Cancer Discov. 2016 May;6(5):546-59. doi: 10.1158/2159-8290.CD-15-1408. Epub 2016 Feb 29.
B cells often constitute abundant cellular components in human tumors. Regulatory B cells that are functionally defined by their ability to produce IL10 downregulate inflammation and control T-cell immunity. Here, we identified a protumorigenic subset of B cells that constitutively expressed higher levels of programmed cell death-1 (PD-1) and constituted ∼10% of all B cells in advanced-stage hepatocellular carcinoma (HCC). These PD-1(hi) B cells exhibited a unique CD5(hi)CD24(-/+)CD27(hi/+)CD38(dim) phenotype different from the phenotype of conventional CD24(hi)CD38(hi) peripheral regulatory B cells. TLR4-mediated BCL6 upregulation was crucial for PD-1(hi) B-cell induction by HCC environmental factors, and that effect was abolished by IL4-elicited STAT6 phosphorylation. Importantly, upon encountering PD-L1(+) cells or undergoing PD-1 triggering, PD-1(hi) B cells acquired regulatory functions that suppressed tumor-specific T-cell immunity and promoted cancer growth via IL10 signals. Our findings provide significant new insights for human cancer immunosuppression and anticancer therapies regarding PD-1/PD-L1.

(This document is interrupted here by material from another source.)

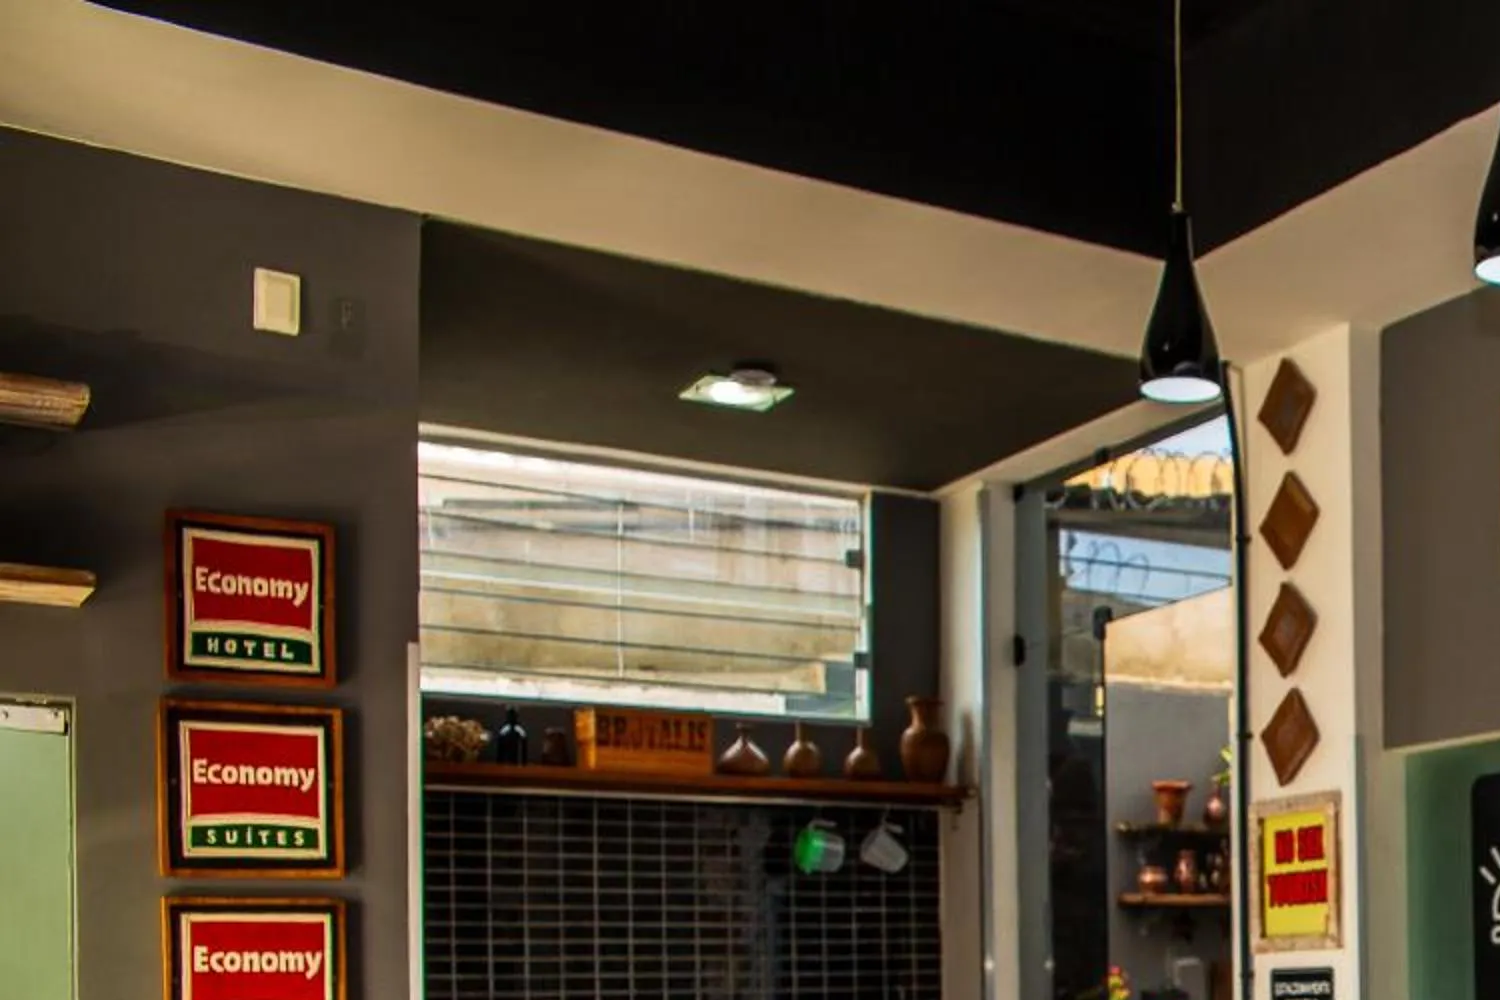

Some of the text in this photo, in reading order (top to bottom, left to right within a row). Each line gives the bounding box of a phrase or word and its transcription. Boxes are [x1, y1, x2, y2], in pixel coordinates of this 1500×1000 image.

We identify a novel protumorigenic PD-1(hi) B-cell subset in human HCC that exhibits a phenotype distinct from that of peripheral regulatory B cells. TLR4-mediated BCL6 upregulation is critical for induction of PD-1(hi) B cells, which operate via IL10-dependent pathways upon interacting with PD-L1 to cause T-cell dysfunction and foster disease progression. Cancer Discov; 6(5); 546-59. ©2016 AACR.See related commentary by Ren et al., p. 477This article is highlighted in the In This Issue feature, p. 461.
B 细胞经常构成人类肿瘤中丰富的细胞成分。功能上通过产生 IL10 而下调炎症并控制 T 细胞免疫的调节性 B 细胞。在这里,我们鉴定了一种促肿瘤发生的 B 细胞亚群,其程序性细胞死亡受体 1(PD-1)表达水平较高,在晚期肝细胞癌(HCC)中占所有 B 细胞的约 10%。这些 PD-1(高)B 细胞表现出独特的 CD5(高)CD24(-/+)CD27(高/+)CD38(低)表型,与传统的 CD24(高)CD38(高)外周调节性 B 细胞的表型不同。TLR4 介导的 BCL6 上调对于 HCC 环境因素诱导的 PD-1(高)B 细胞诱导至关重要,而该作用被 IL4 诱导的 STAT6 磷酸化所消除。重要的是,当遇到 PD-L1(+)细胞或经历 PD-1 触发时,PD-1(高)B 细胞获得了抑制肿瘤特异性 T 细胞免疫并通过 IL10 信号促进癌症生长的调节功能。我们的研究结果为 PD-1/PD-L1 提供了有关人类癌症免疫抑制和抗癌治疗的重要新见解。
我们在人 HCC 中鉴定出一种新型促肿瘤发生的 PD-1(高)B 细胞亚群,其表型与外周调节性 B 细胞不同。TLR4 介导的 BCL6 上调对于诱导 PD-1(高)B 细胞至关重要,该细胞在与 PD-L1 相互作用时通过 IL10 依赖性途径发挥作用,导致 T 细胞功能障碍并促进疾病进展。癌症发现;6(5);546-59。 ©2016 AACR.请参阅相关评论文章,第 477 页Ren 等人,p. 477 本文在本期特色文章中突出显示,第 461 页。